Your goal: Leave the images out, and otherwise write out each entry exactly.

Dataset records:
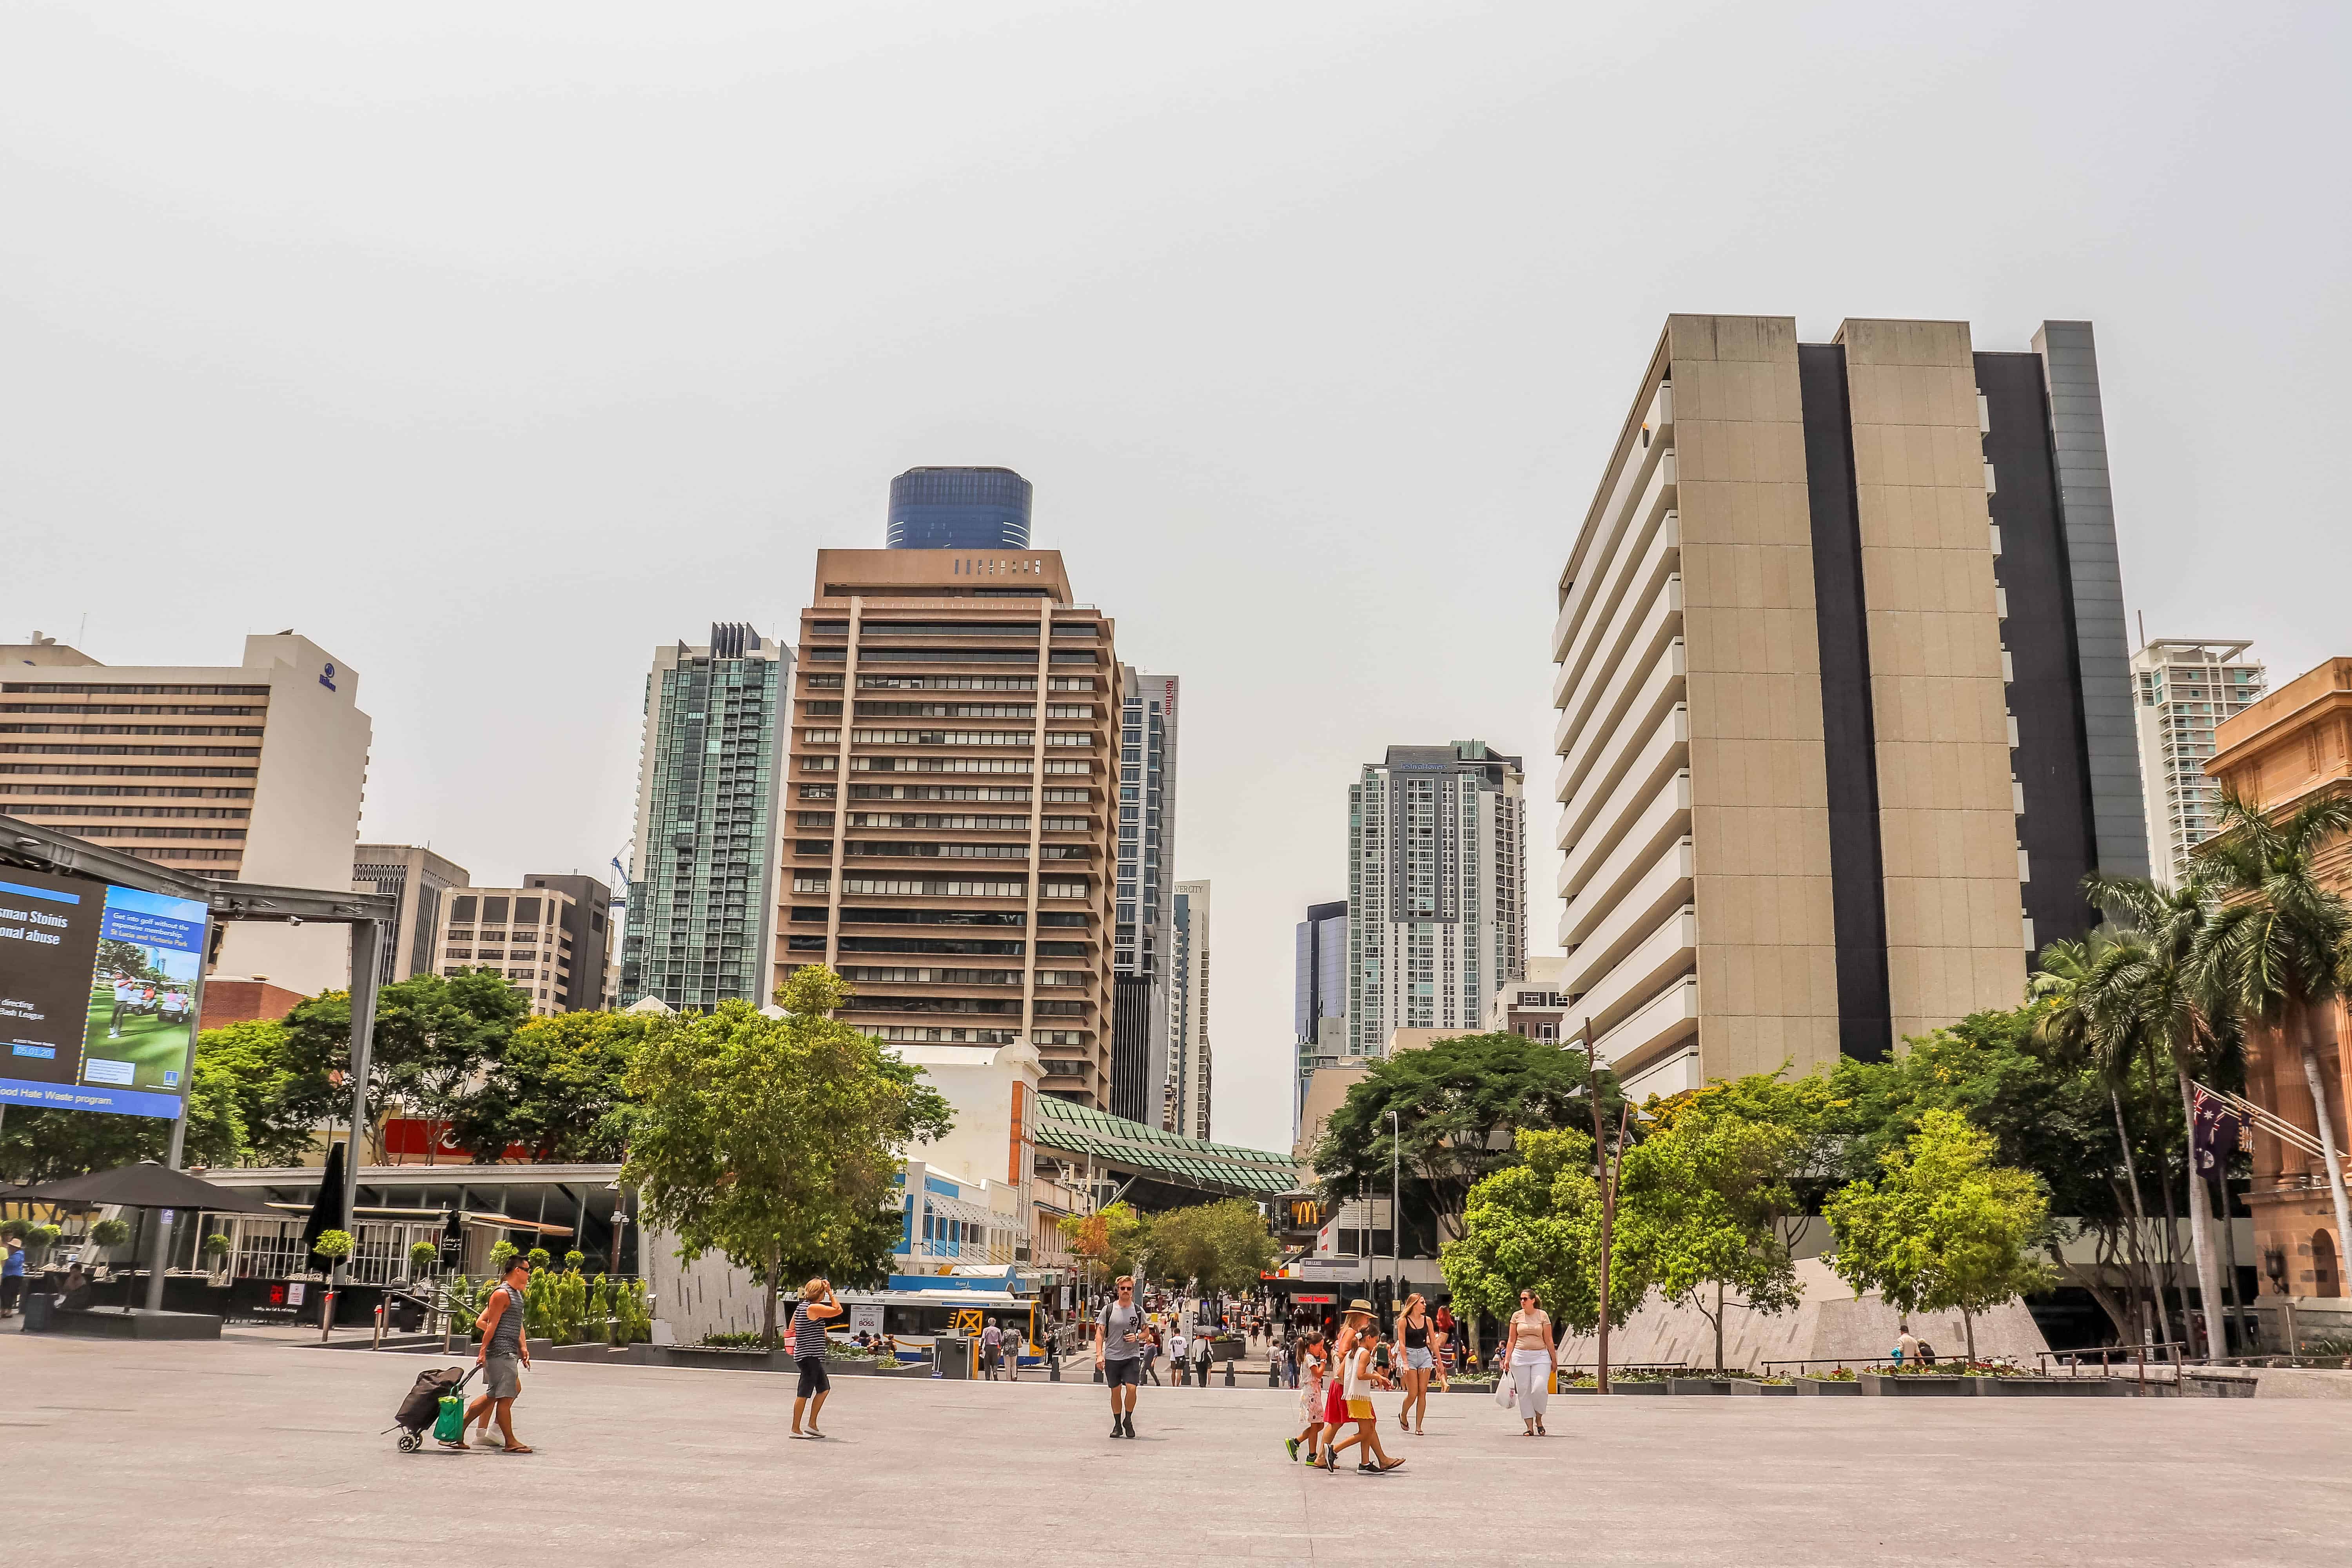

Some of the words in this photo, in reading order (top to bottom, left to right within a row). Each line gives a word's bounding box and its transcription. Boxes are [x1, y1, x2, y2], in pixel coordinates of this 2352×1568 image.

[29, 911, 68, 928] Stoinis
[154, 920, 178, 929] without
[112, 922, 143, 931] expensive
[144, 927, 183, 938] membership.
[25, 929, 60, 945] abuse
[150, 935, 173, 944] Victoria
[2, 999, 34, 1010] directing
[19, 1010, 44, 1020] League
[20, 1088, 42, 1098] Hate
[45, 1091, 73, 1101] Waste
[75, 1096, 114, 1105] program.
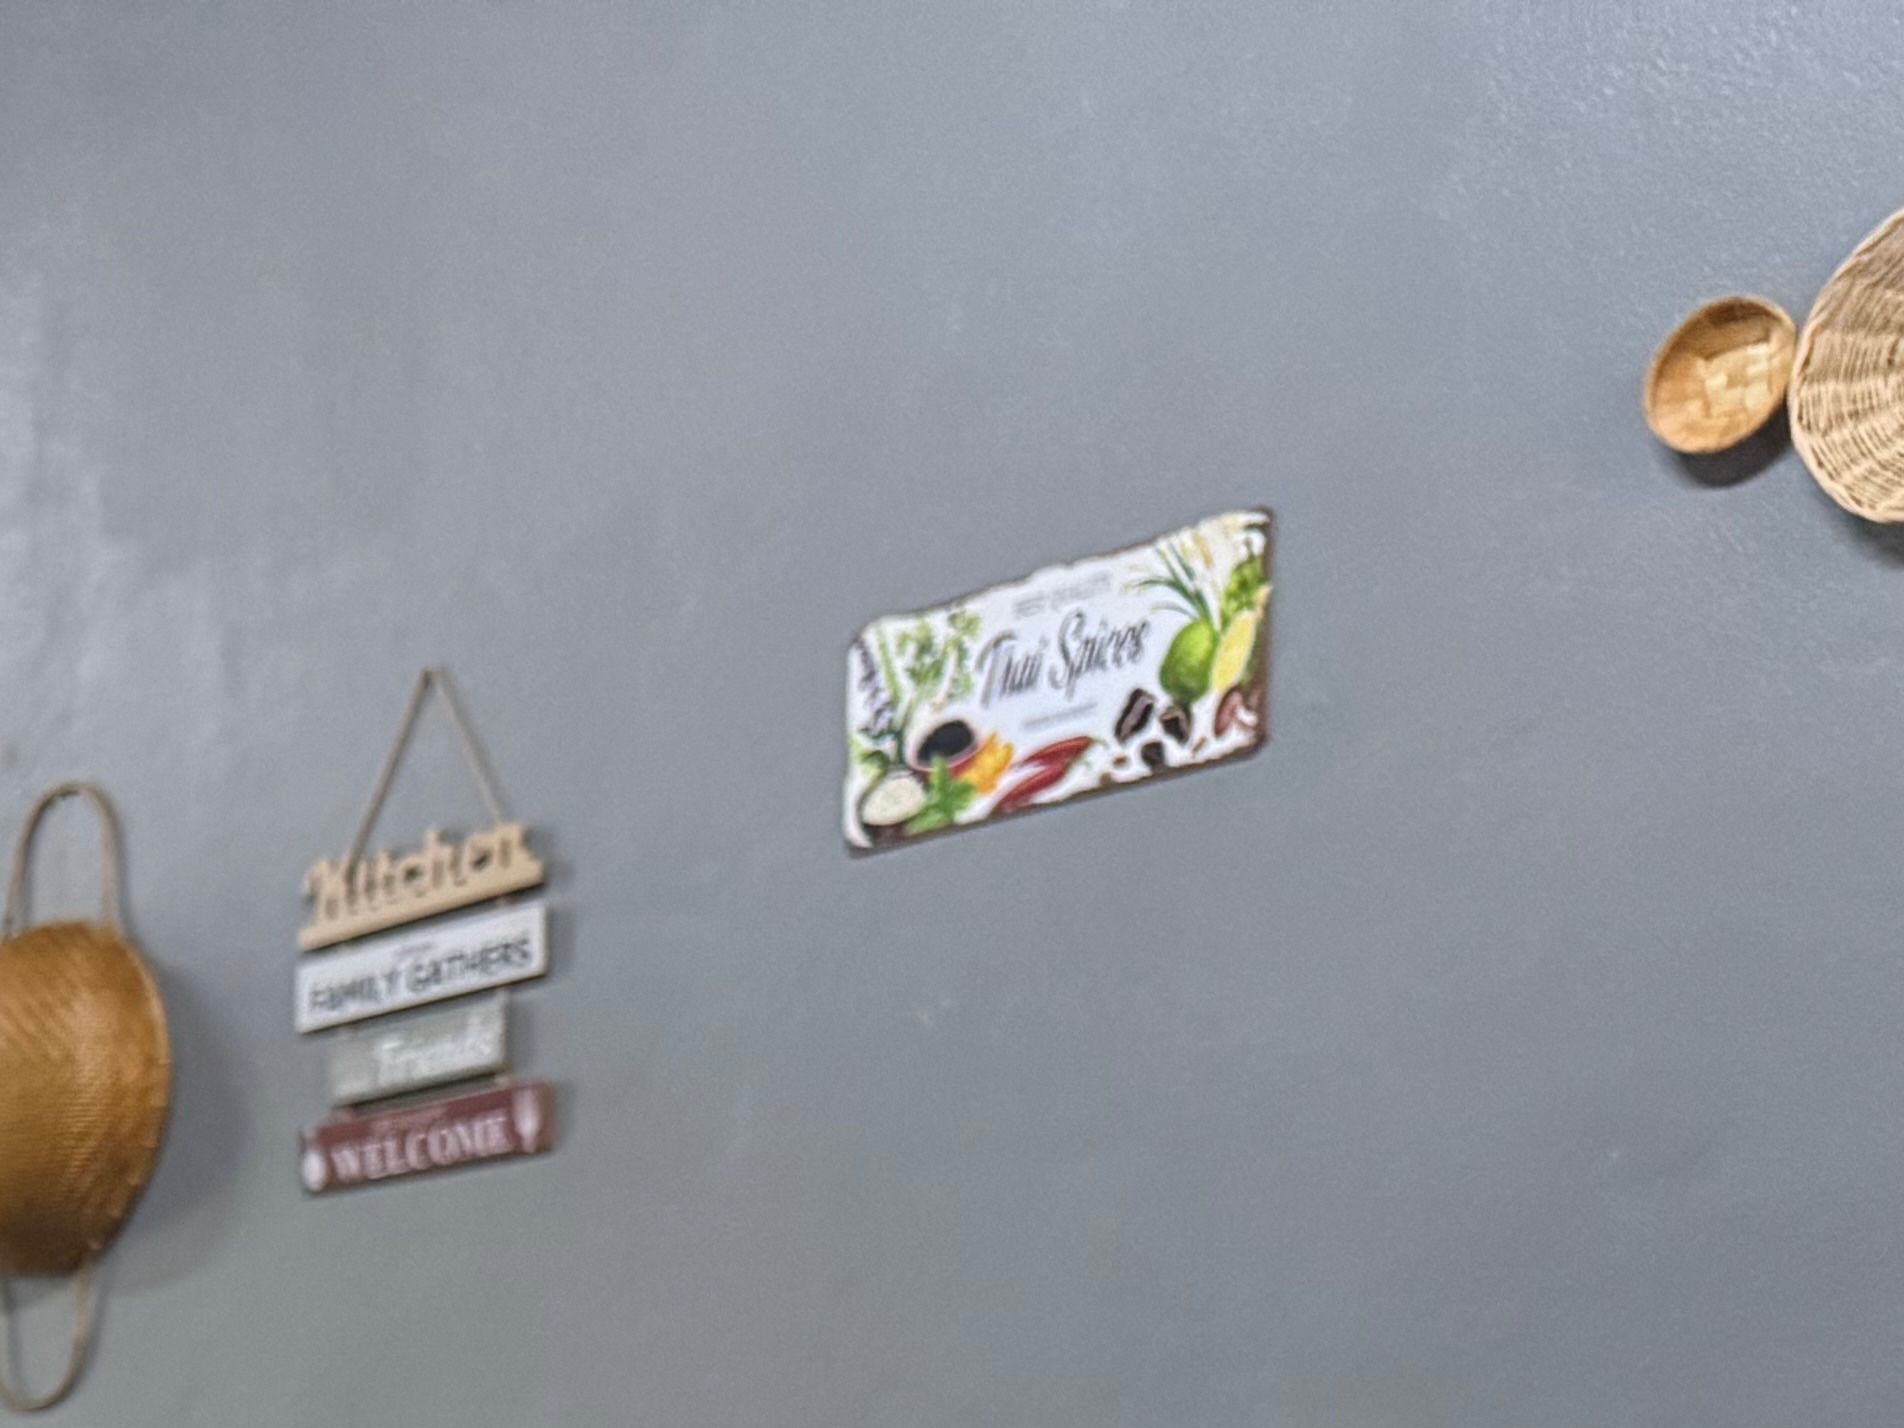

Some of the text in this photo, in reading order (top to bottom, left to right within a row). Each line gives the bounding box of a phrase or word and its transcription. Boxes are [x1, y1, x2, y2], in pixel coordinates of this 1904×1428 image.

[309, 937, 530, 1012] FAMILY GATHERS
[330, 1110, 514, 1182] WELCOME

Result:
Some of the words in this photo, in reading order (top to bottom, left to right within a row). Each line gives a word's bounding box and its transcription. Boxes are [x1, y1, x2, y2], in pixel coordinates of this 2352×1568 image.

[29, 911, 68, 928] Stoinis
[154, 920, 178, 929] without
[112, 922, 143, 931] expensive
[144, 927, 183, 938] membership.
[25, 929, 60, 945] abuse
[150, 935, 173, 944] Victoria
[2, 999, 34, 1010] directing
[19, 1010, 44, 1020] League
[20, 1088, 42, 1098] Hate
[45, 1091, 73, 1101] Waste
[75, 1096, 114, 1105] program.

Some of the text in this photo, in reading order (top to bottom, left to right within a row). Each line gives the bounding box of a phrase or word and its transcription. Boxes are [x1, y1, x2, y2], in pixel coordinates of this 1904×1428 image.

[309, 937, 530, 1012] FAMILY GATHERS
[330, 1110, 514, 1182] WELCOME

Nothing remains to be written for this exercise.